# [Exercise brief]
Please return the data that follows precisely as written, but without the images.

# [Materials provided]
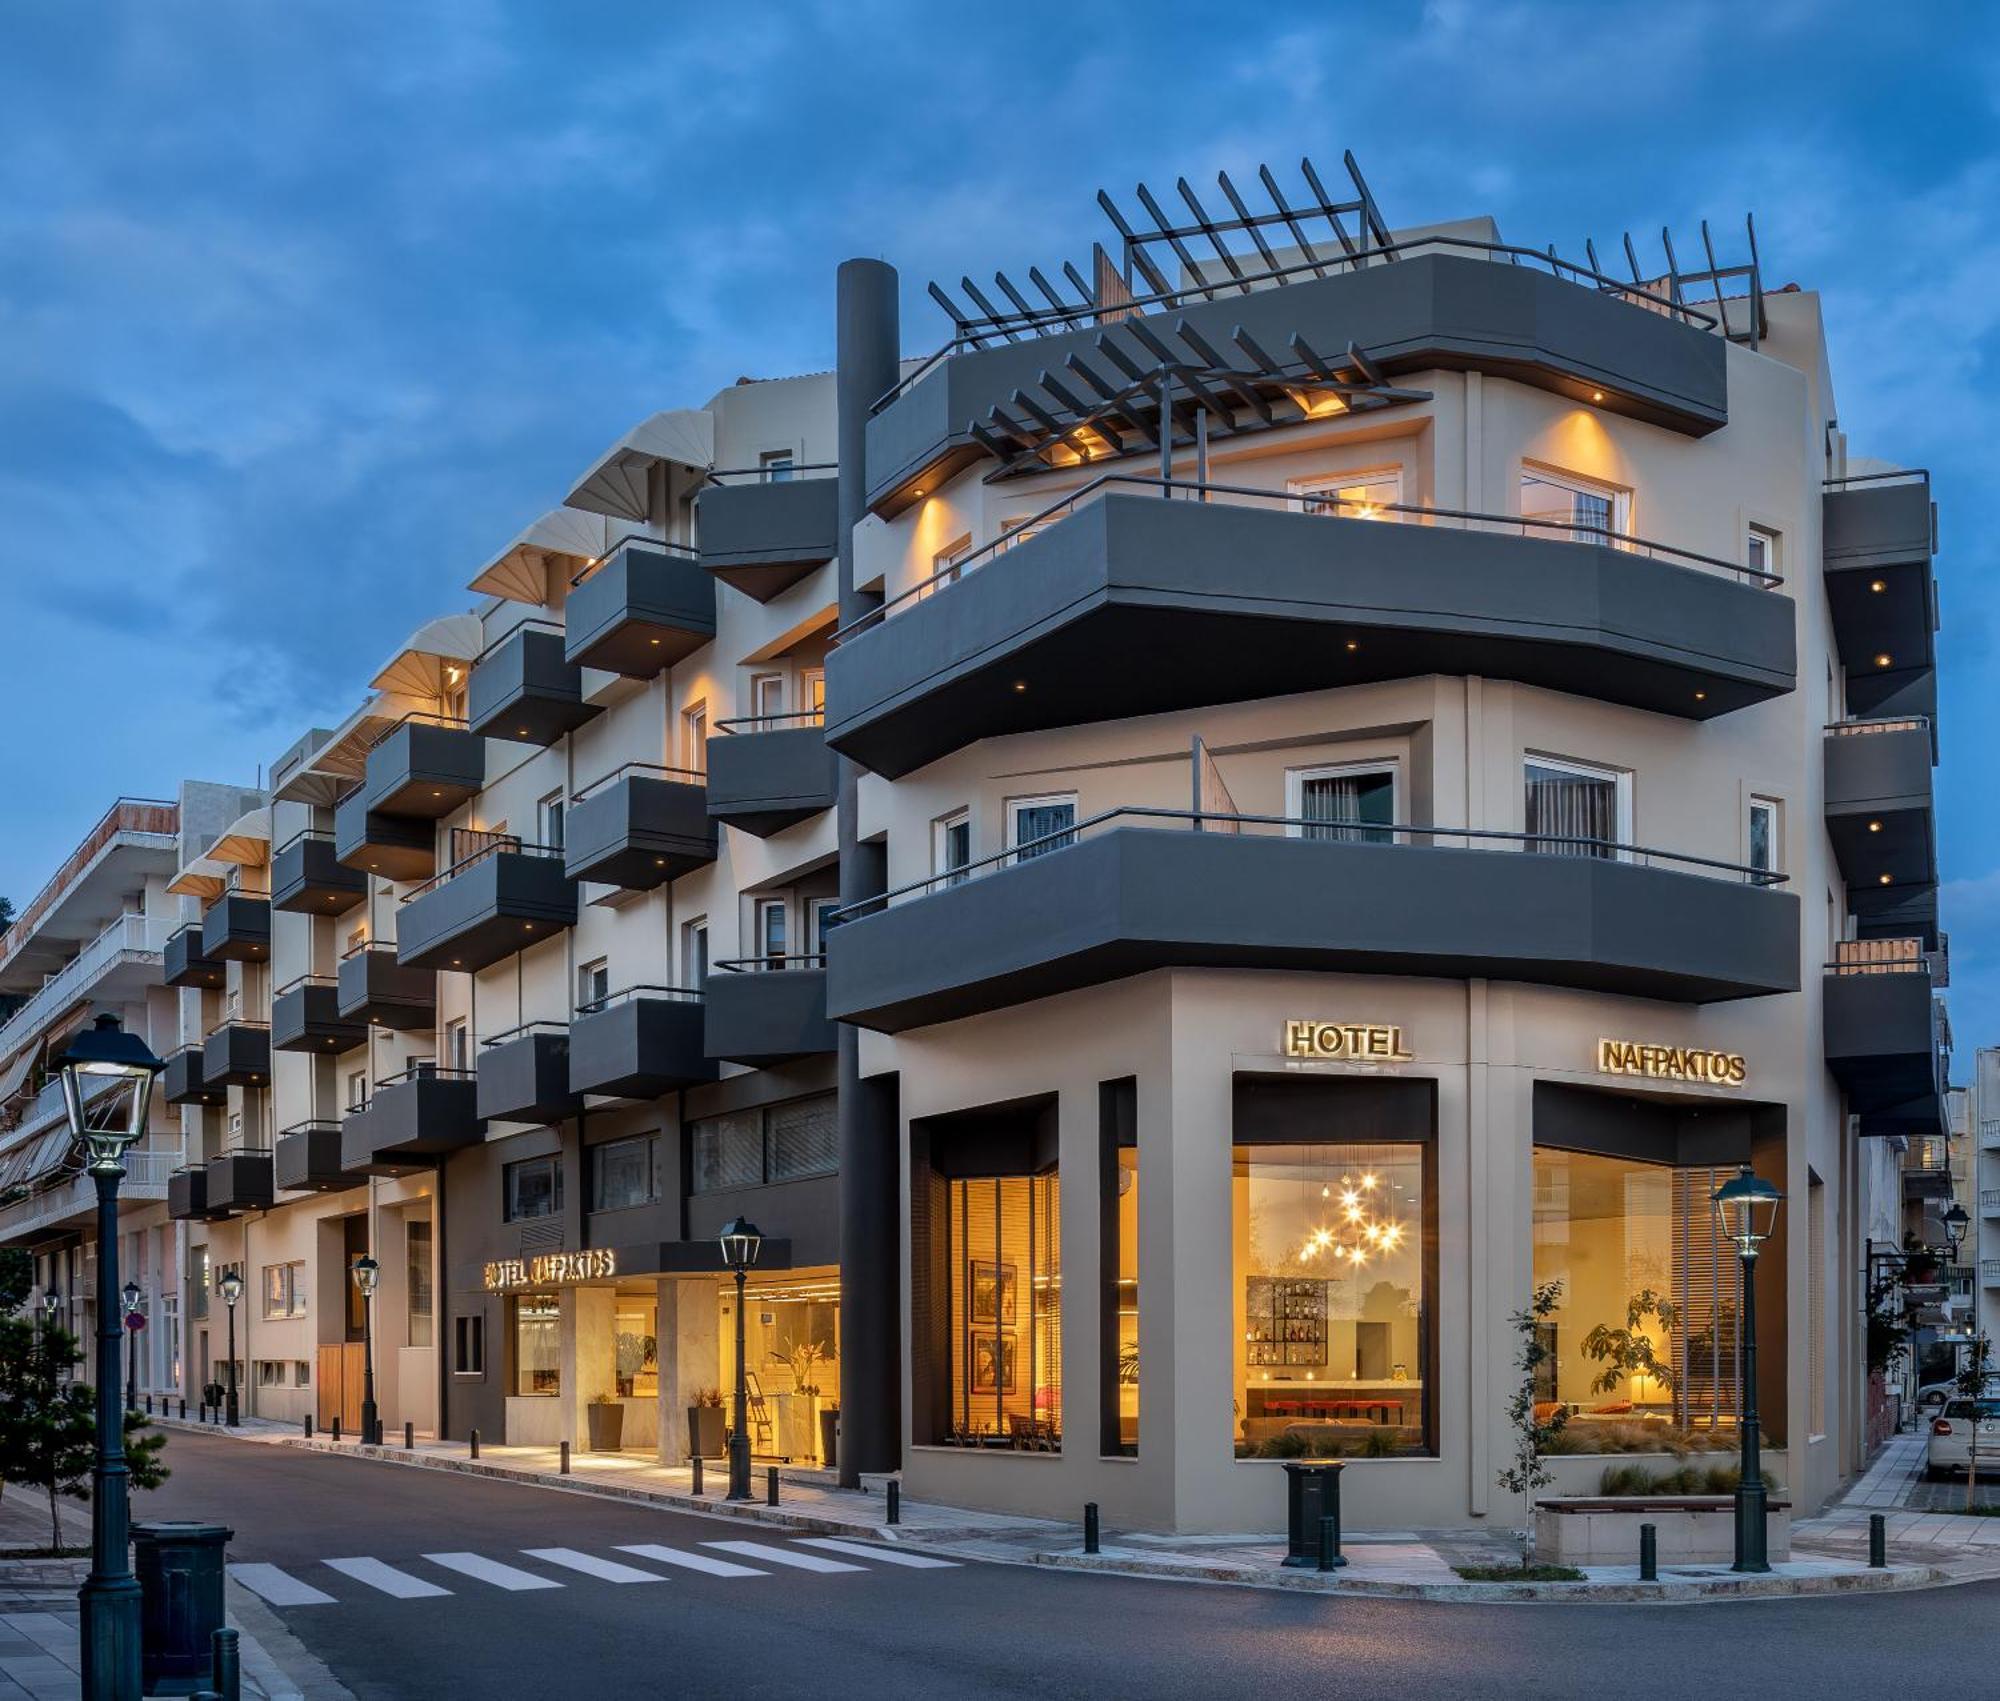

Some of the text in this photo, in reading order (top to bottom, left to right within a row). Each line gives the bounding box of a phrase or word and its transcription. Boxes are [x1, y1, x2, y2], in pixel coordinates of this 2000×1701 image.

[1289, 1023, 1413, 1058] HOTEL
[1602, 1040, 1746, 1082] NAFPAKTOS
[485, 1260, 528, 1289] HOTEL
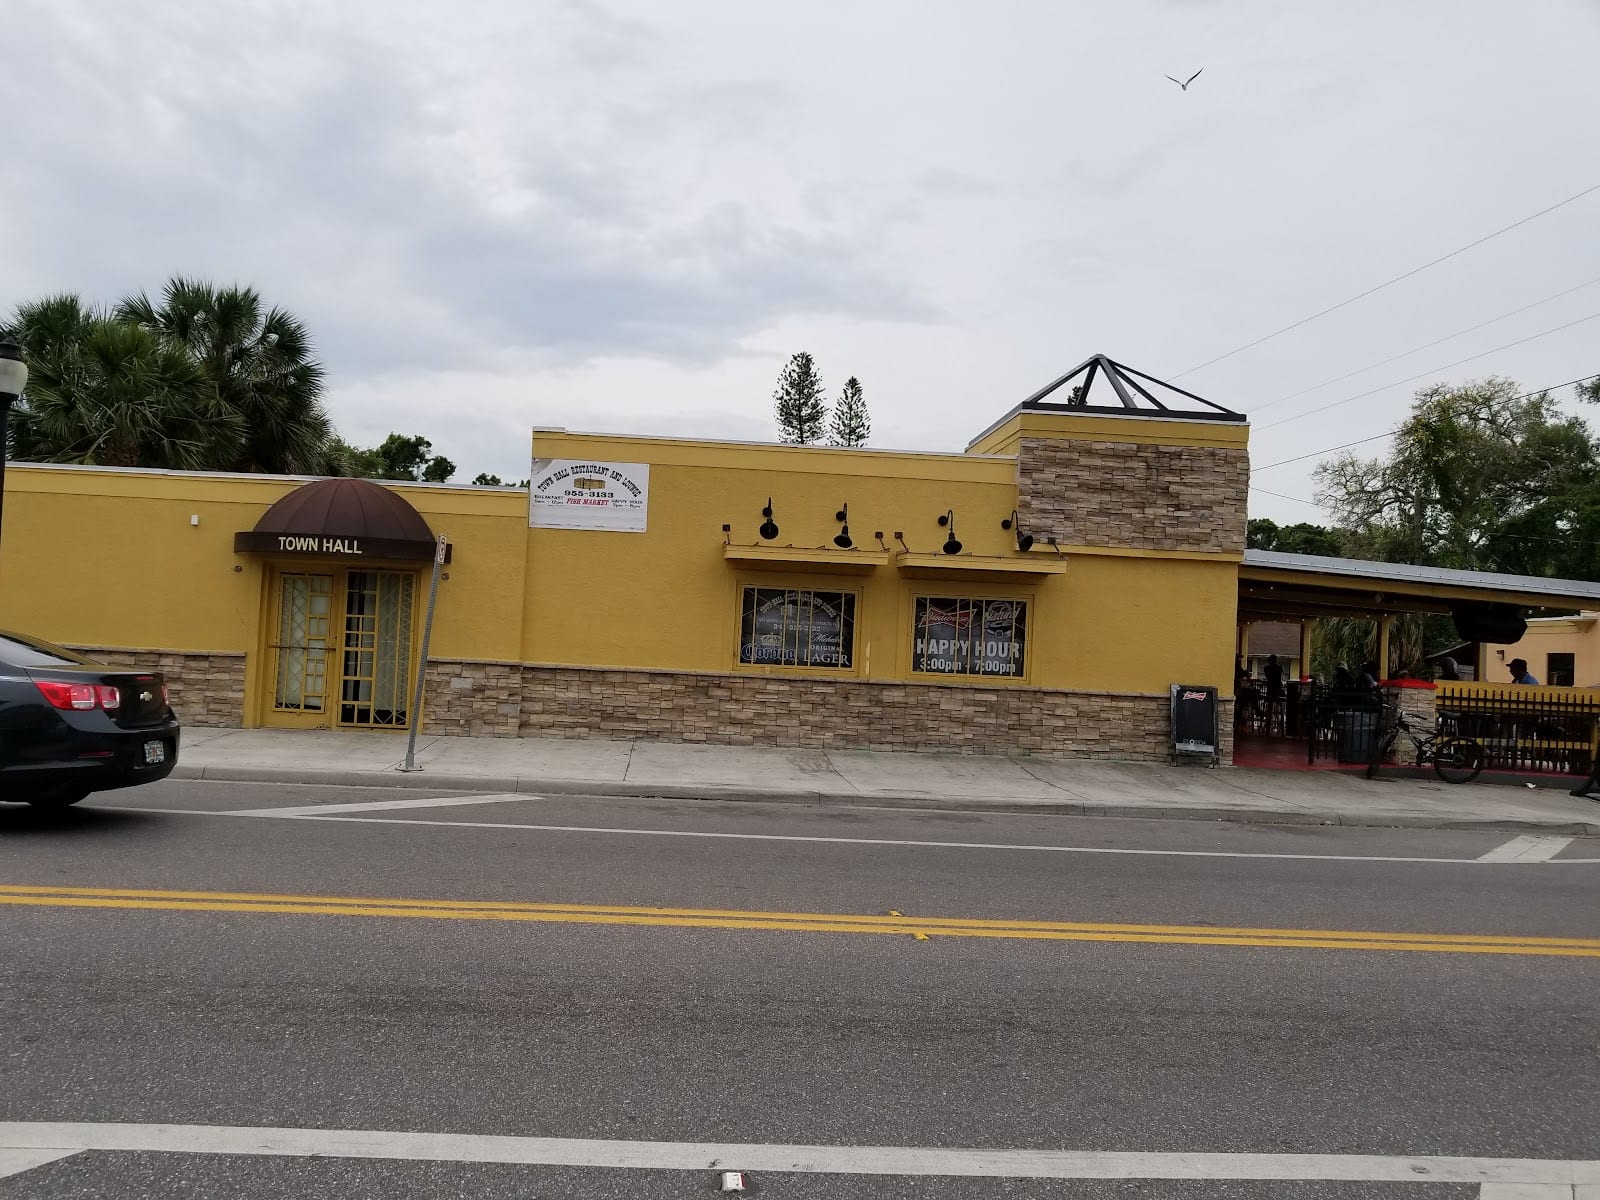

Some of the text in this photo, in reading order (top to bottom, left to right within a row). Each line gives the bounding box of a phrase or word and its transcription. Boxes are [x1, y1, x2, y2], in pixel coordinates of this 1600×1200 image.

[537, 464, 642, 497] TOWN HALL RESTAURANT AND LOUNGE
[564, 490, 614, 498] 955-3133
[278, 536, 363, 554] TOWN HALL
[741, 642, 797, 661] Corona
[810, 644, 844, 652] ORIGINAL
[916, 638, 1020, 658] HAPPY HOUR
[803, 649, 850, 665] LAGER
[920, 657, 962, 672] 3:00pm
[974, 660, 1016, 674] 7:00pm

# [Exercise result]
Some of the text in this photo, in reading order (top to bottom, left to right within a row). Each line gives the bounding box of a phrase or word and its transcription. Boxes are [x1, y1, x2, y2], in pixel coordinates of this 2000×1701 image.

[1289, 1023, 1413, 1058] HOTEL
[1602, 1040, 1746, 1082] NAFPAKTOS
[485, 1260, 528, 1289] HOTEL

Some of the text in this photo, in reading order (top to bottom, left to right within a row). Each line gives the bounding box of a phrase or word and its transcription. Boxes are [x1, y1, x2, y2], in pixel coordinates of this 1600×1200 image.

[537, 464, 642, 497] TOWN HALL RESTAURANT AND LOUNGE
[564, 490, 614, 498] 955-3133
[278, 536, 363, 554] TOWN HALL
[741, 642, 797, 661] Corona
[810, 644, 844, 652] ORIGINAL
[916, 638, 1020, 658] HAPPY HOUR
[803, 649, 850, 665] LAGER
[920, 657, 962, 672] 3:00pm
[974, 660, 1016, 674] 7:00pm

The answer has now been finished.